[Saved data entries]
§ §

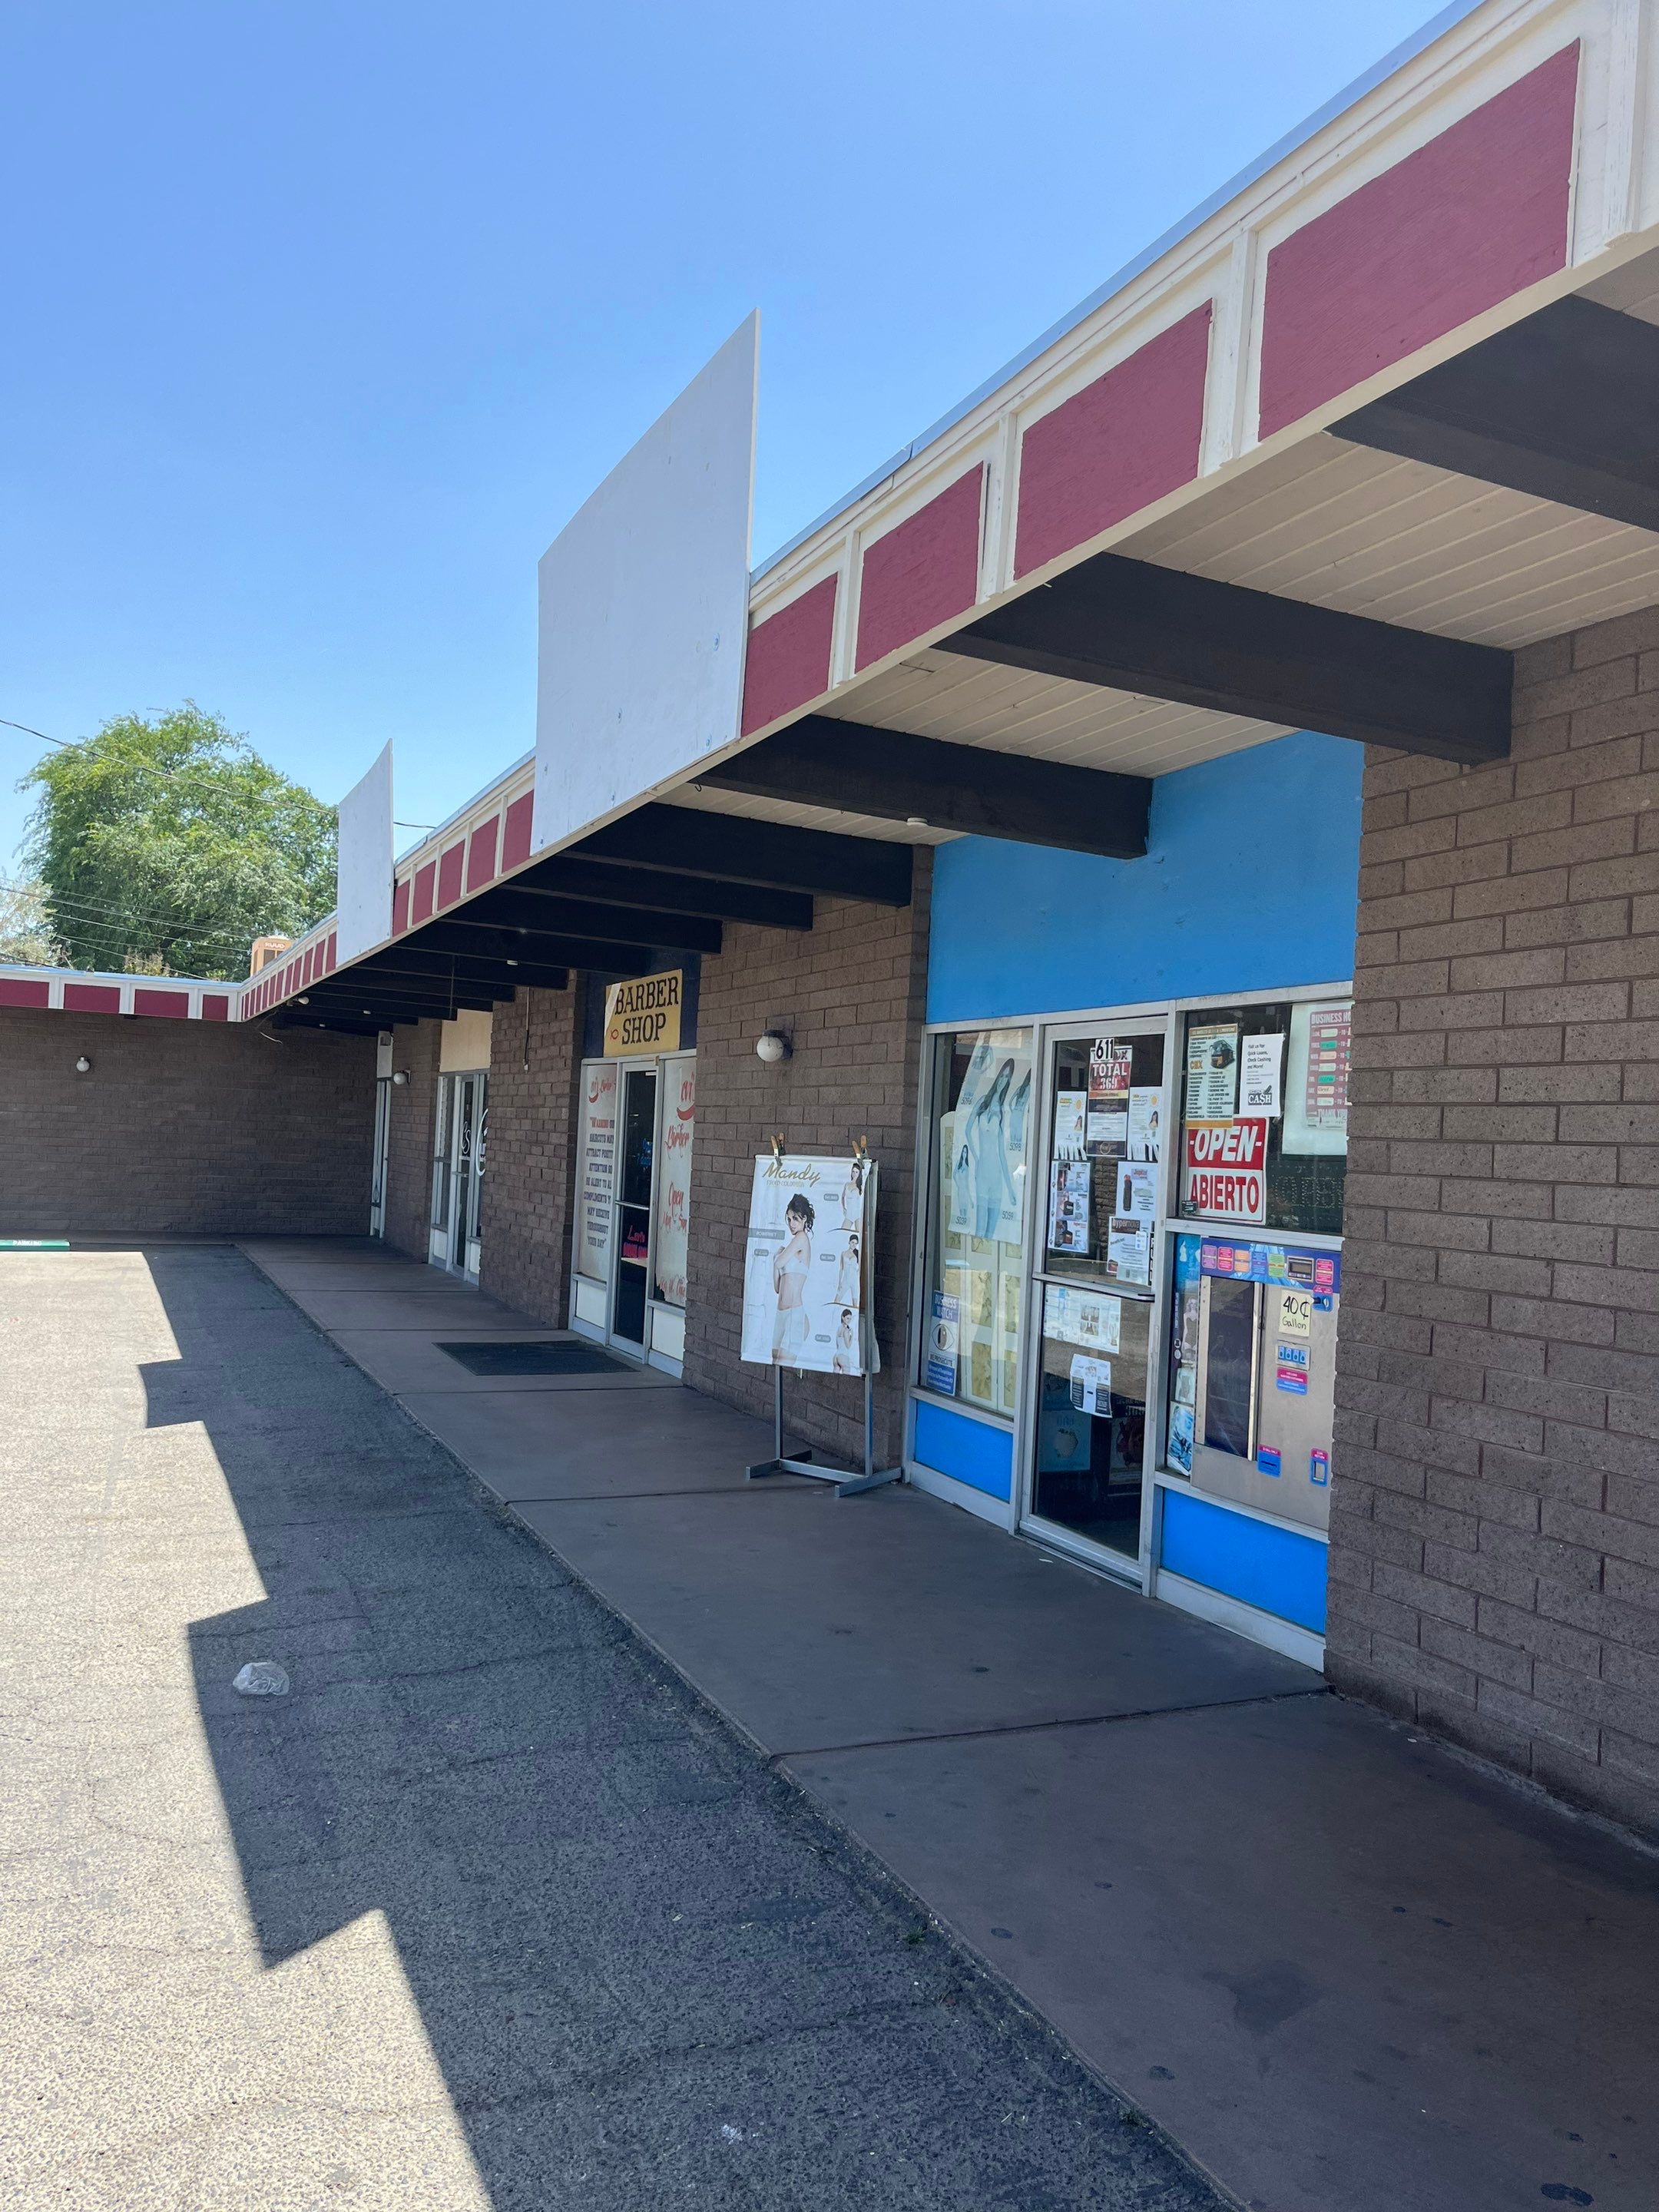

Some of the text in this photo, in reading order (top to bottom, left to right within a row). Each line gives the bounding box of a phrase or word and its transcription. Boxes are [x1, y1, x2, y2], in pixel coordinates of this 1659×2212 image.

[614, 975, 679, 1015] BARBER
[621, 1012, 667, 1045] SHOP
[1311, 1012, 1343, 1025] BUSINESS
[1096, 1039, 1114, 1059] 611
[1092, 1063, 1128, 1077] TOTAL
[1194, 1126, 1259, 1162] OPEN
[762, 1161, 821, 1187] Mandy
[1190, 1174, 1260, 1214] ABIERTO
[1283, 1316, 1306, 1330] Gallon

§ §

EXERCISE BRIEF: Although the records contain pictures, the output must hold only their exact wording.

ANSWER BOX:
Some of the text in this photo, in reading order (top to bottom, left to right within a row). Each line gives the bounding box of a phrase or word and its transcription. Boxes are [x1, y1, x2, y2], in pixel coordinates of this 1659×2212 image.

[614, 975, 679, 1015] BARBER
[621, 1012, 667, 1045] SHOP
[1311, 1012, 1343, 1025] BUSINESS
[1096, 1039, 1114, 1059] 611
[1092, 1063, 1128, 1077] TOTAL
[1194, 1126, 1259, 1162] OPEN
[762, 1161, 821, 1187] Mandy
[1190, 1174, 1260, 1214] ABIERTO
[1283, 1316, 1306, 1330] Gallon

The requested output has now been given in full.